======== Records ========

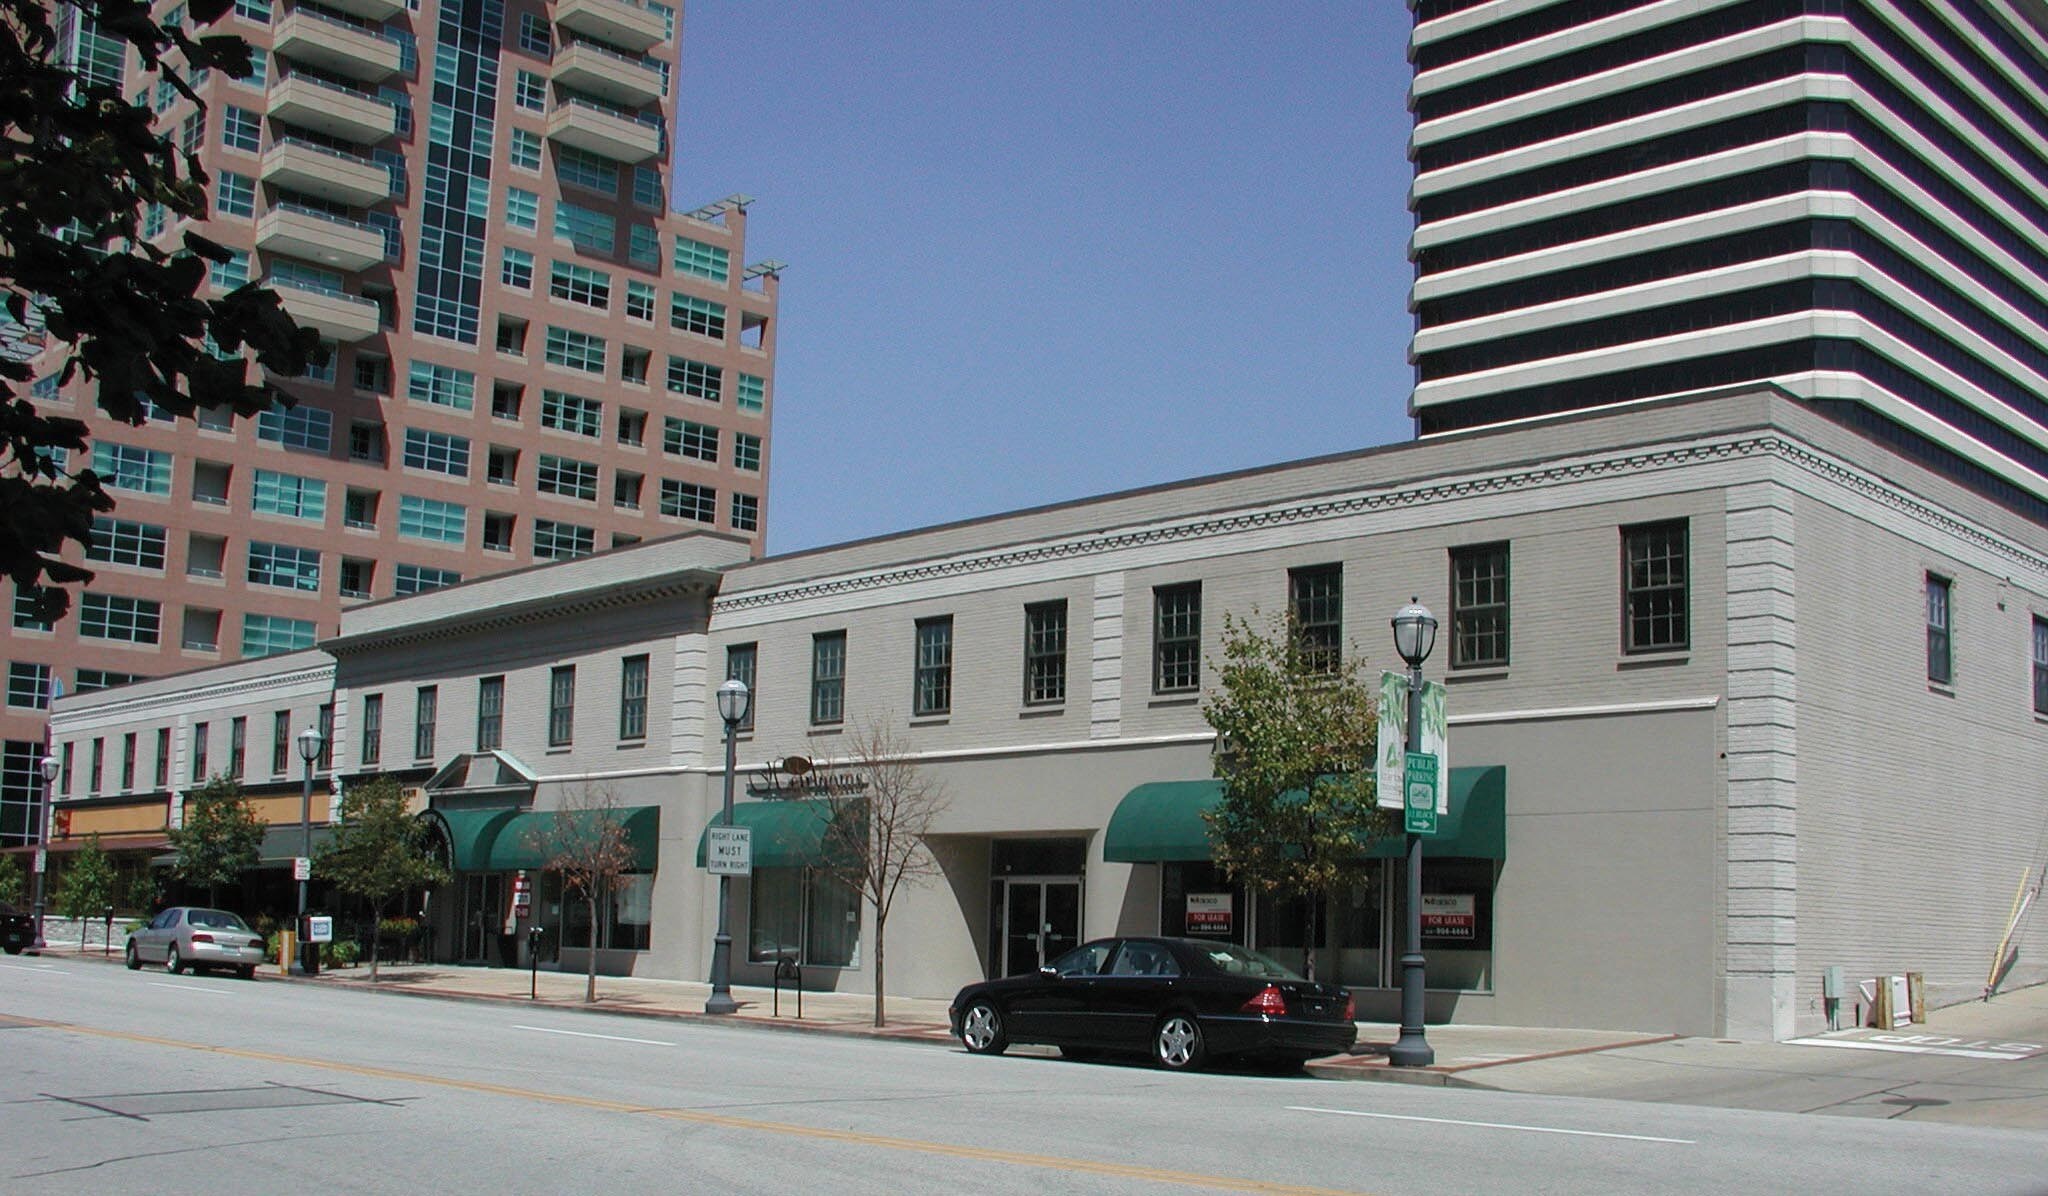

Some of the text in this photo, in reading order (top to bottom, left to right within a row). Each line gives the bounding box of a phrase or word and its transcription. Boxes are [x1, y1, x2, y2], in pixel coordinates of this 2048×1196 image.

[1407, 757, 1436, 770] PUBLIC
[1407, 770, 1434, 782] PARKING
[711, 832, 749, 842] RIGHT LANE
[718, 846, 741, 856] MUST
[710, 861, 748, 869] TURN RIGHT
[1193, 913, 1224, 922] FOR LEASE
[1428, 916, 1464, 925] FOR LEASE
[1868, 1035, 2042, 1051] STOP
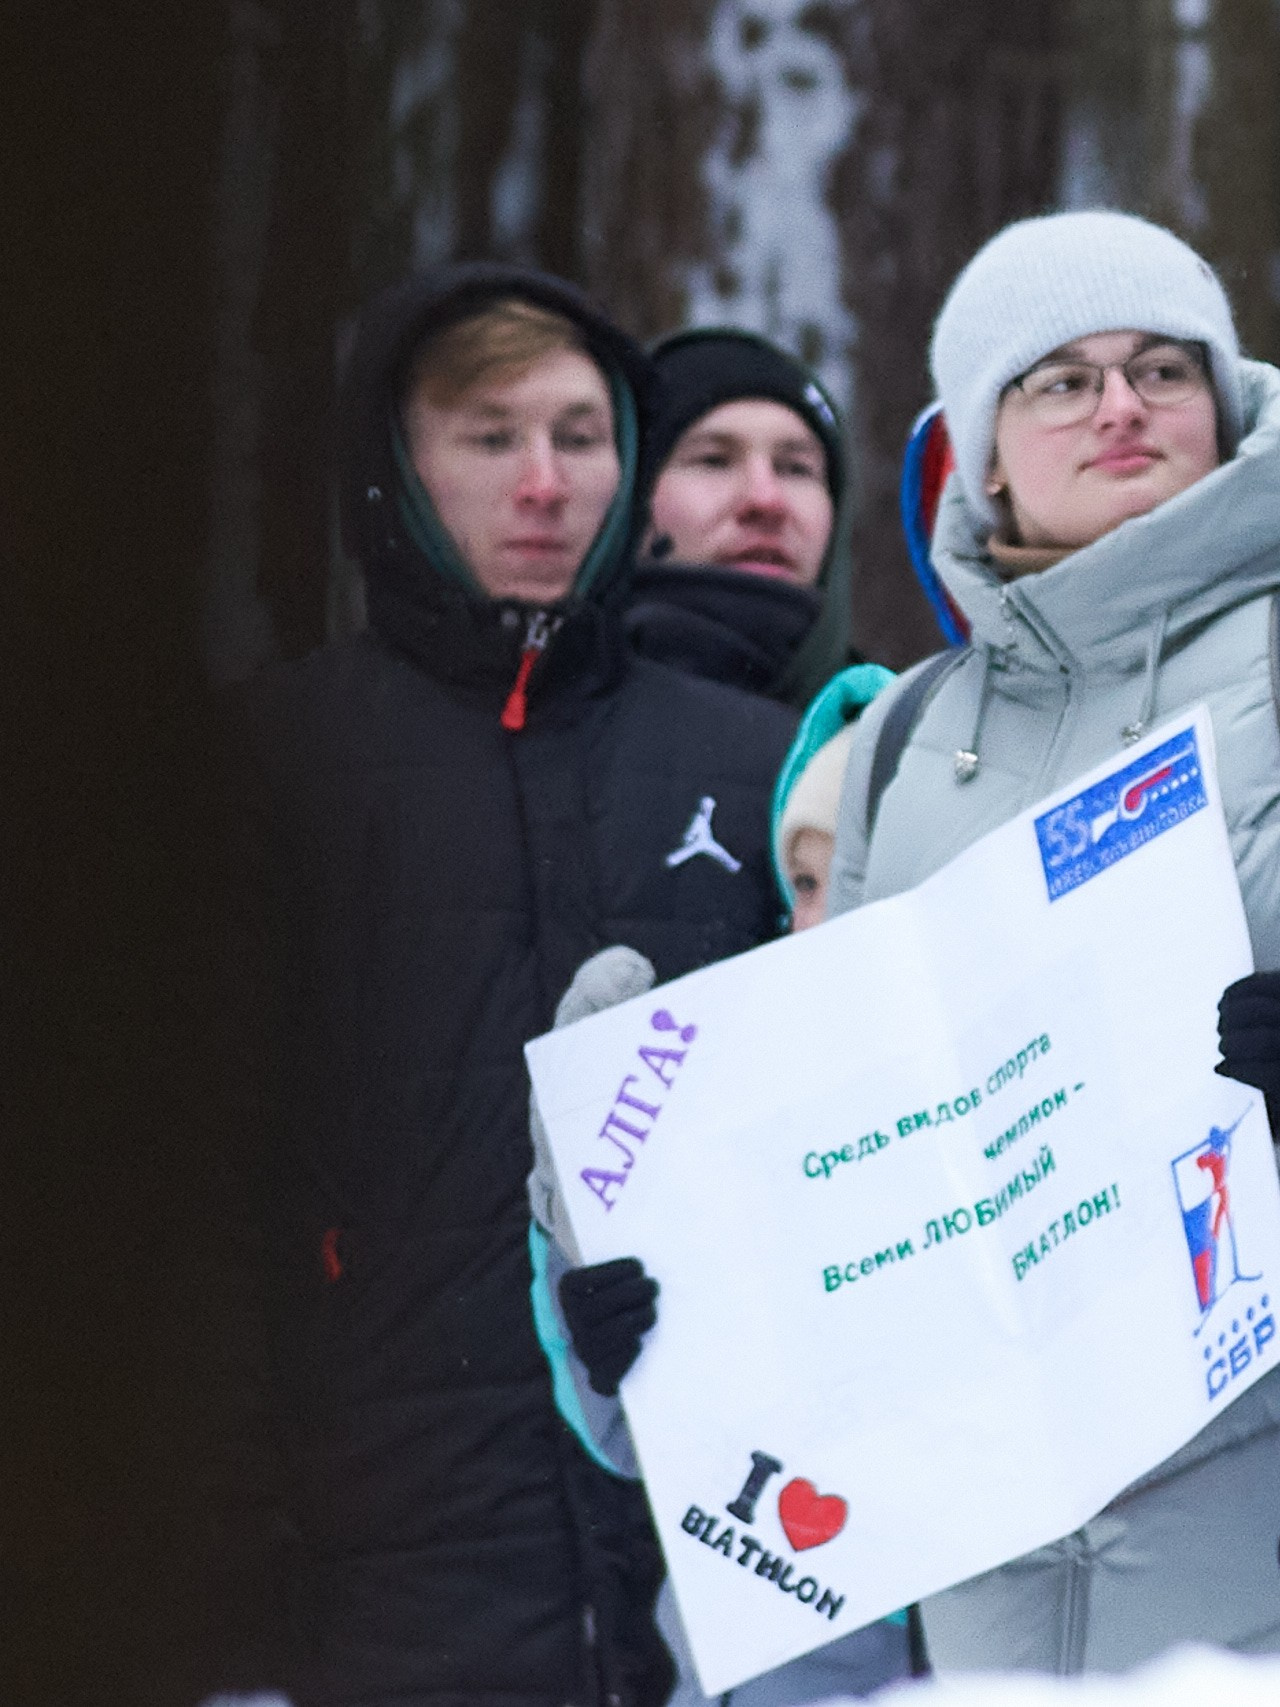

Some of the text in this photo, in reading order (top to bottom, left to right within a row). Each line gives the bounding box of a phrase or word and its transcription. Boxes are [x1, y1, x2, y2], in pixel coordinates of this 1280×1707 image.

[580, 1008, 697, 1212] АЛГА!
[802, 1032, 1052, 1179] Средь видов спорта
[984, 1087, 1068, 1160] чемпион
[822, 1142, 1057, 1293] Всеми ЛЮБИМЫЙ
[1011, 1182, 1122, 1282] БИАТЛОН!
[1207, 1313, 1276, 1402] СБР
[726, 1449, 784, 1525] I
[681, 1503, 846, 1621] BIATHLON
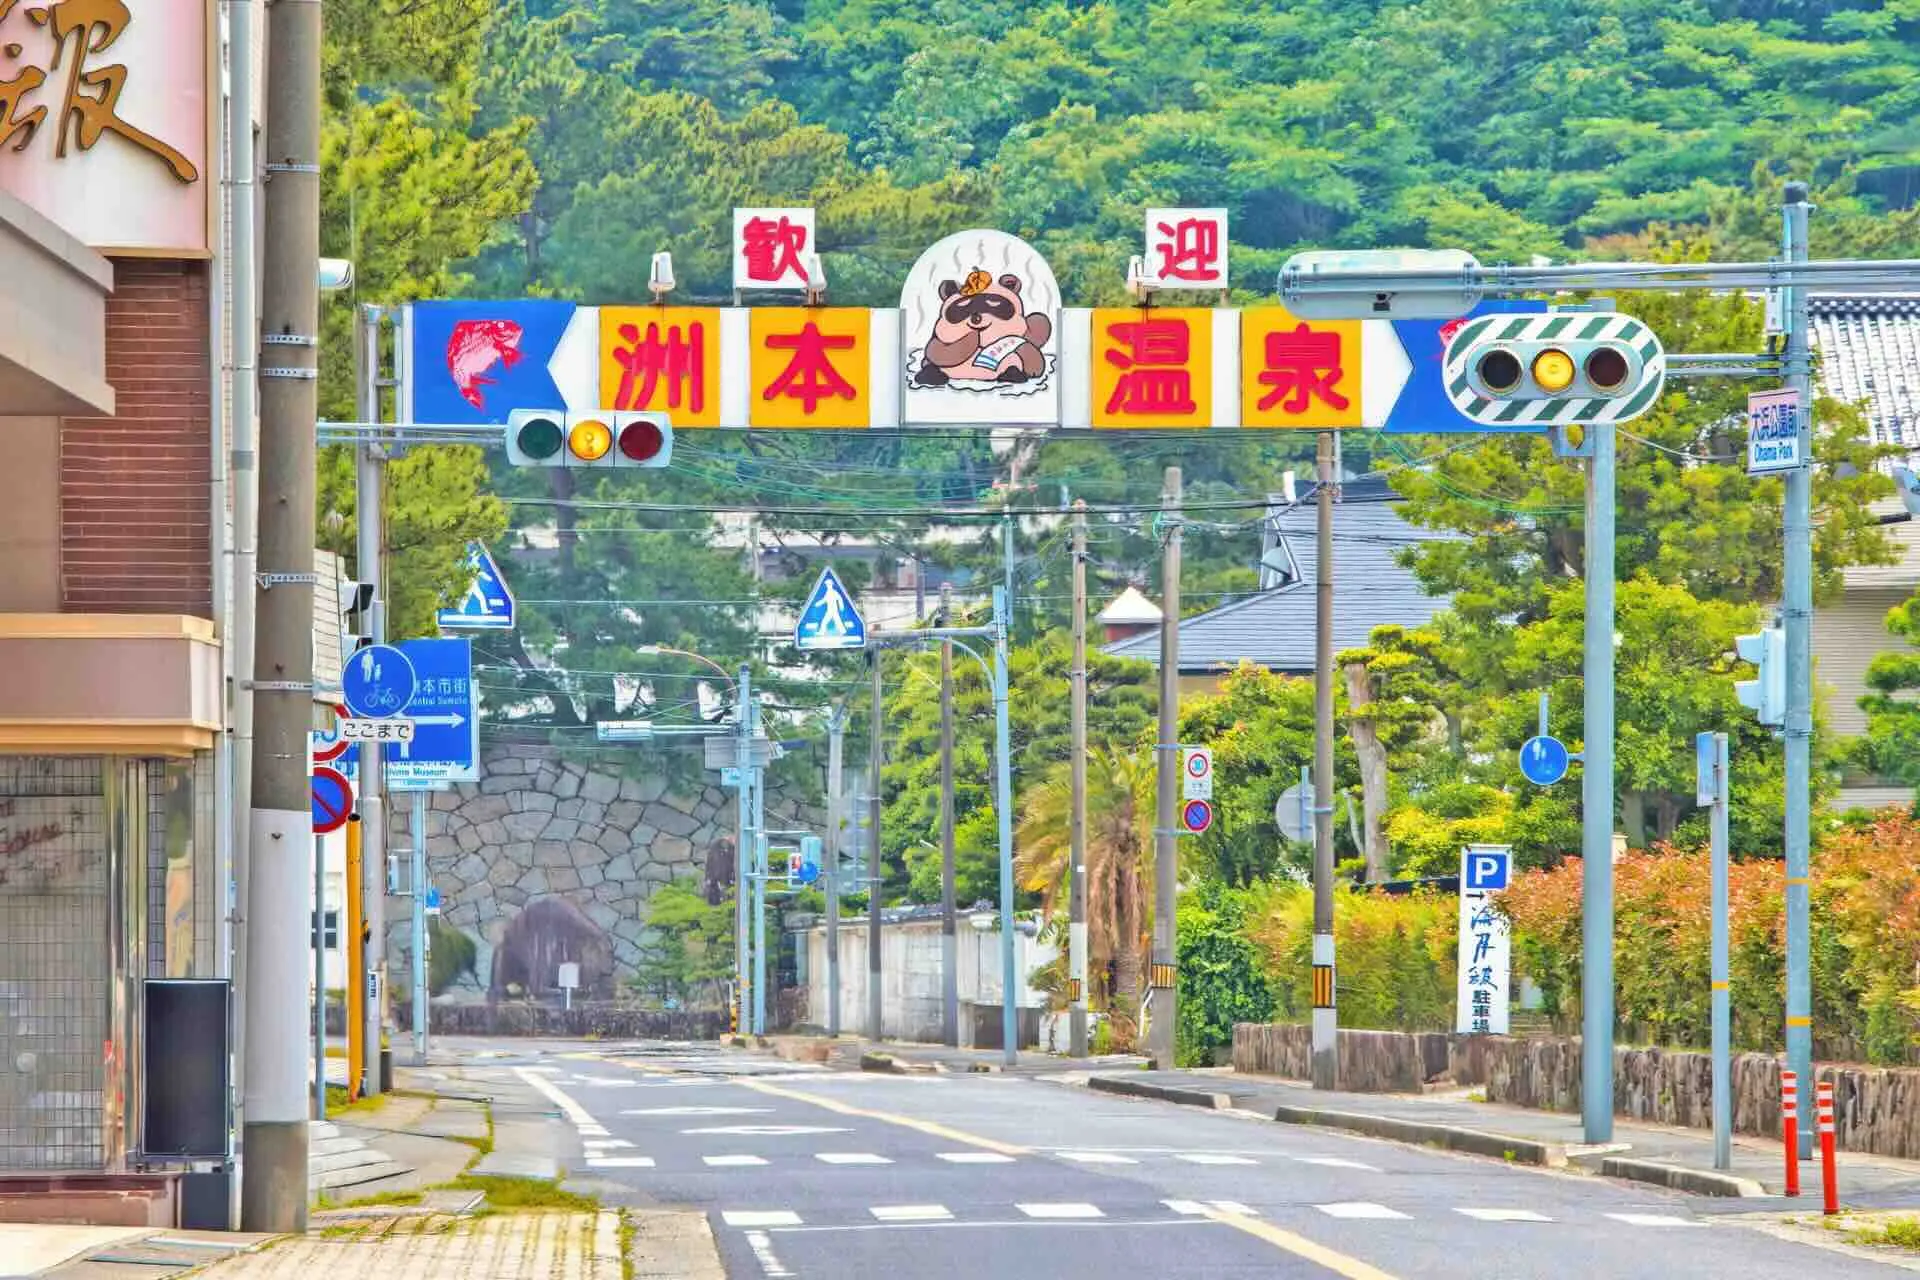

========

- [Activity] Skip the pictures and print exactly the lines from the one containing "this 1280×1707 image." through the end of the records above.

- [Solved exercise]
Some of the text in this photo, in reading order (top to bottom, left to right within a row). Each line gives the bounding box of a phrase or word and its transcription. Boxes are [x1, y1, x2, y2], in pixel coordinates of this 1280×1707 image.

[580, 1008, 697, 1212] АЛГА!
[802, 1032, 1052, 1179] Средь видов спорта
[984, 1087, 1068, 1160] чемпион
[822, 1142, 1057, 1293] Всеми ЛЮБИМЫЙ
[1011, 1182, 1122, 1282] БИАТЛОН!
[1207, 1313, 1276, 1402] СБР
[726, 1449, 784, 1525] I
[681, 1503, 846, 1621] BIATHLON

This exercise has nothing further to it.